DATA PROVIDED —
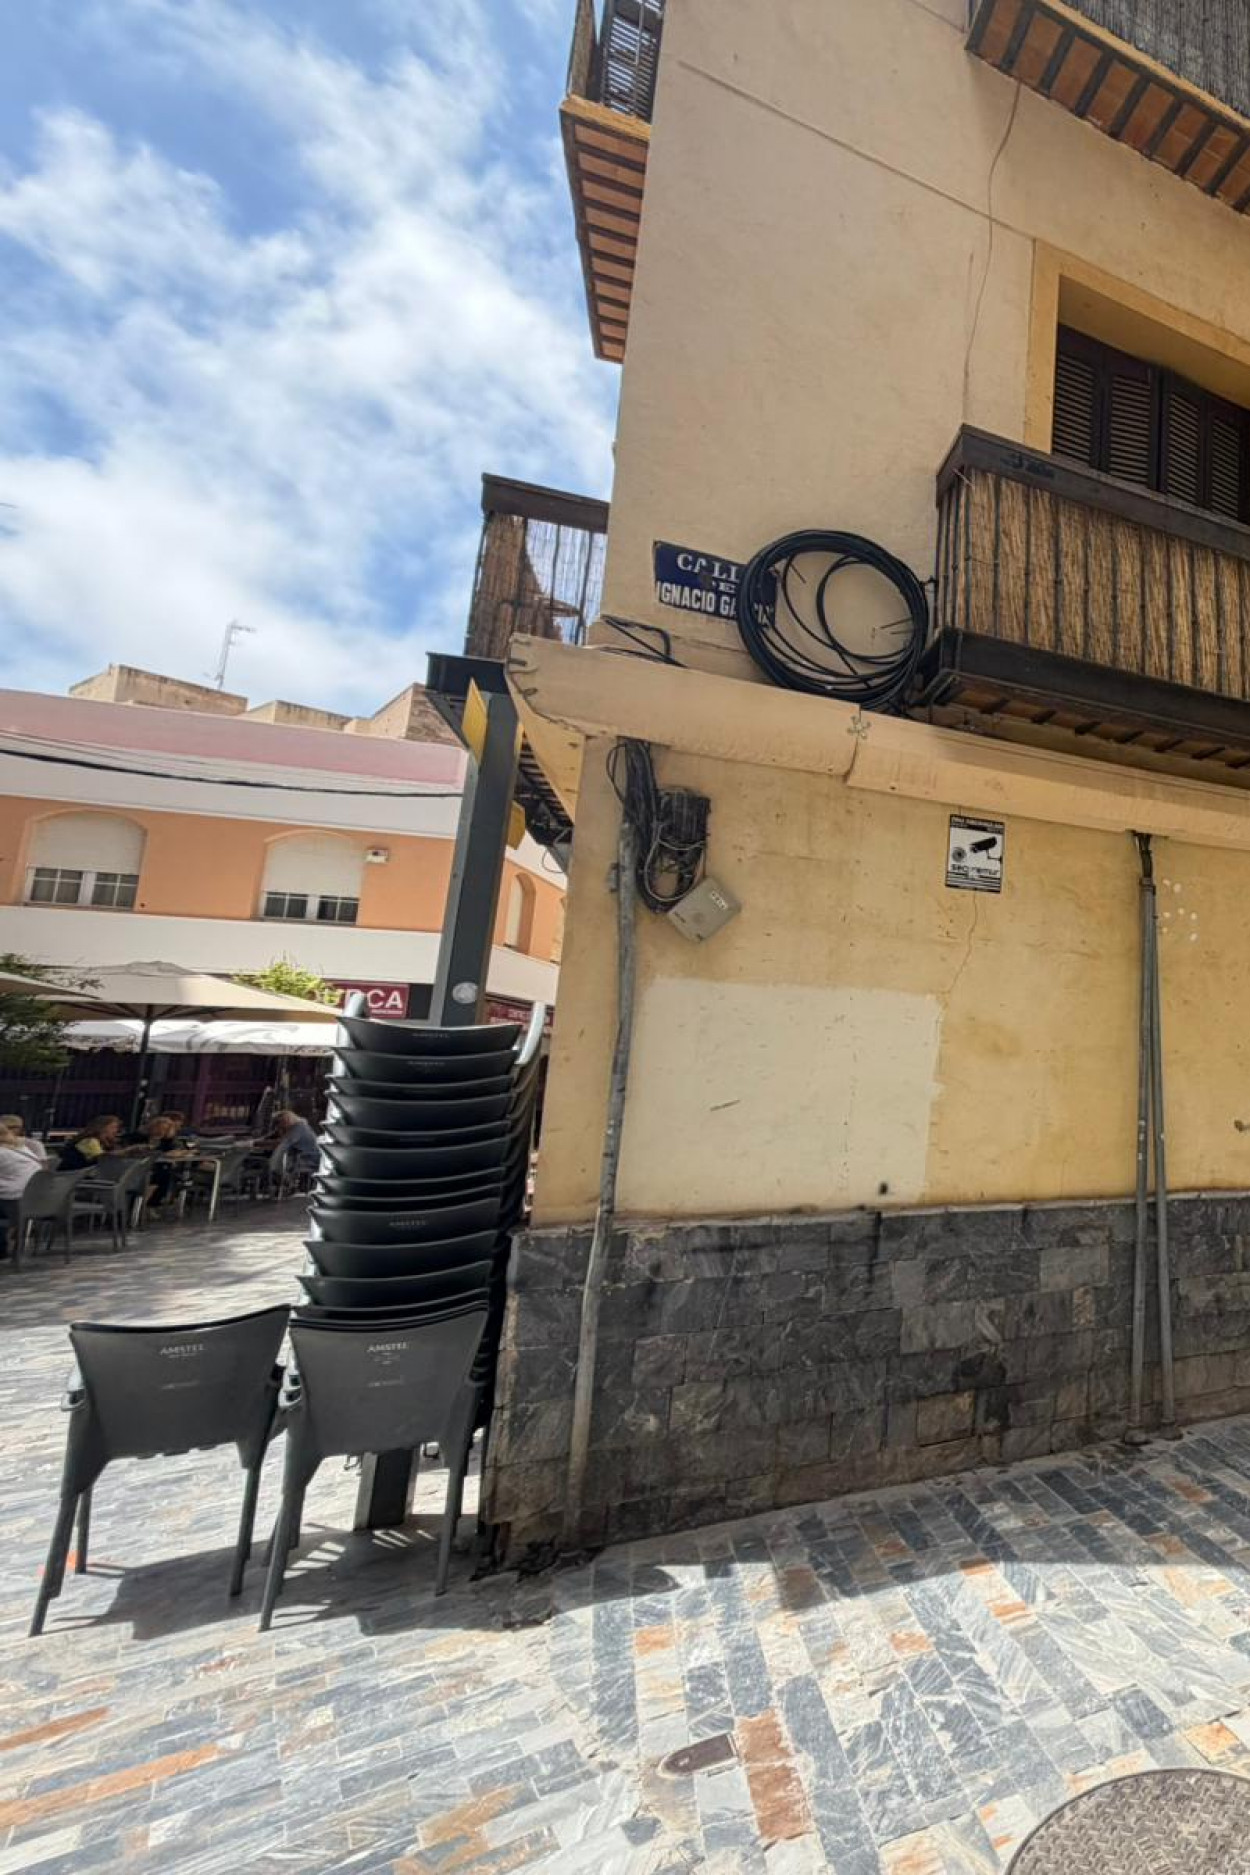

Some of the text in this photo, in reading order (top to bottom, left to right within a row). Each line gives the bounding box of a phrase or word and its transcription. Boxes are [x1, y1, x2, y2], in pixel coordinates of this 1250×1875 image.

[656, 580, 716, 613] IGNACIO
[158, 1343, 207, 1355] AMSTEL
[366, 1341, 409, 1352] AMSTEL
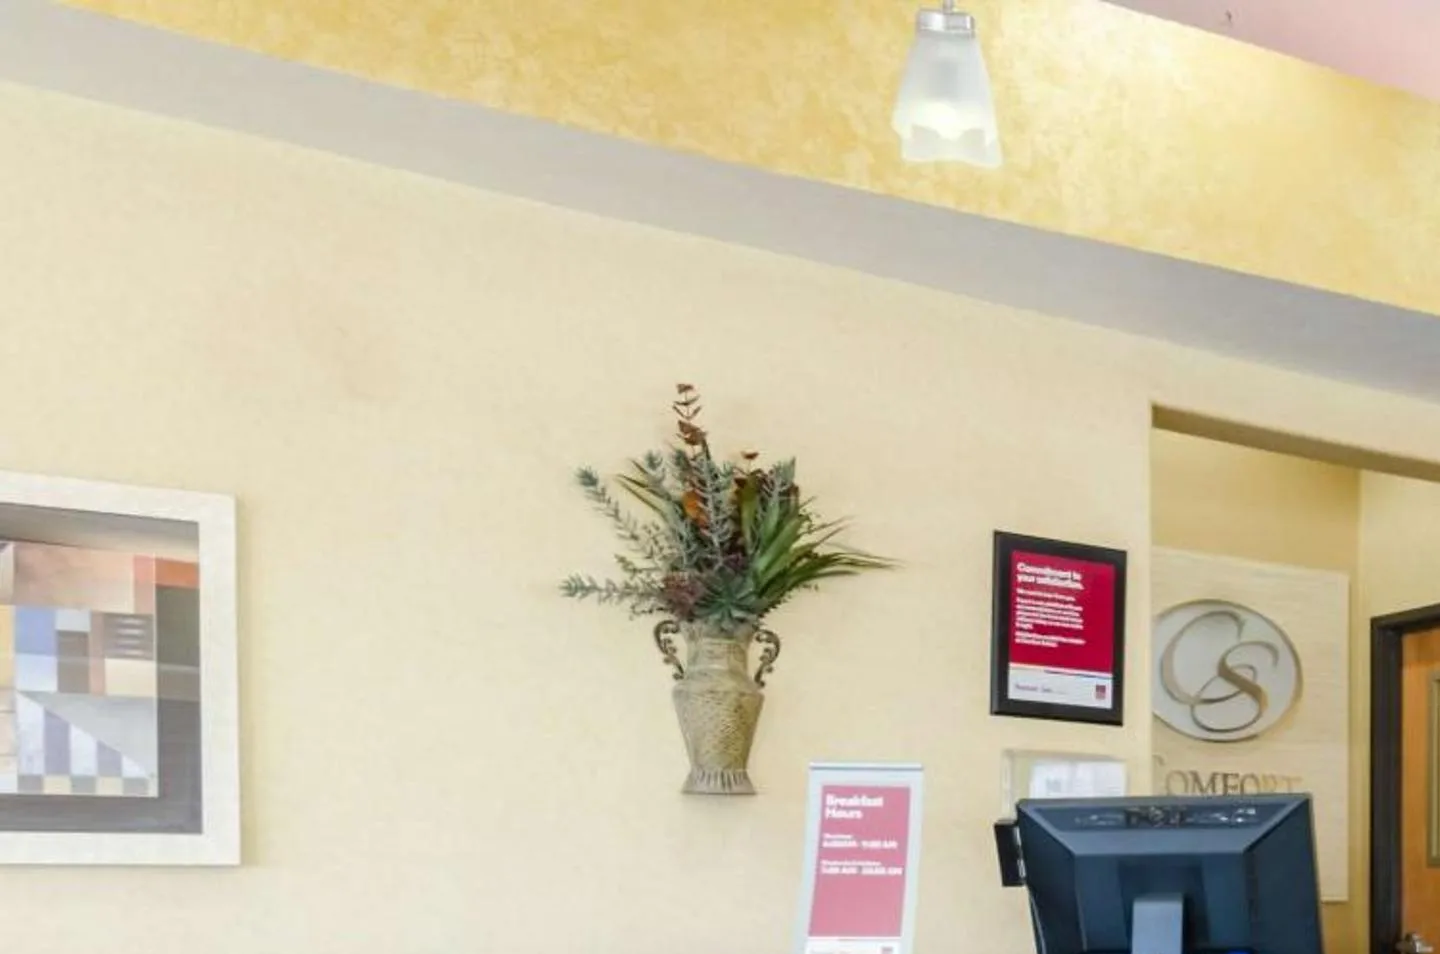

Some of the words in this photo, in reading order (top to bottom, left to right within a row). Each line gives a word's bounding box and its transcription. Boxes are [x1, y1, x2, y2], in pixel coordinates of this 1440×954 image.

INSTRUCTIONS FOR THE TASK — Retype the listing exactly and drop the pictures.

ANSWER SECTION —
Some of the text in this photo, in reading order (top to bottom, left to right within a row). Each line gives the bounding box of a phrase or word and its transcription. Boxes are [x1, y1, x2, y2], in pixel coordinates of this 1250×1875 image.

[656, 580, 716, 613] IGNACIO
[158, 1343, 207, 1355] AMSTEL
[366, 1341, 409, 1352] AMSTEL

Some of the words in this photo, in reading order (top to bottom, left to right within a row). Each line gives a word's bounding box and its transcription. Boxes are [x1, y1, x2, y2], in pixel coordinates of this 1440×954 image.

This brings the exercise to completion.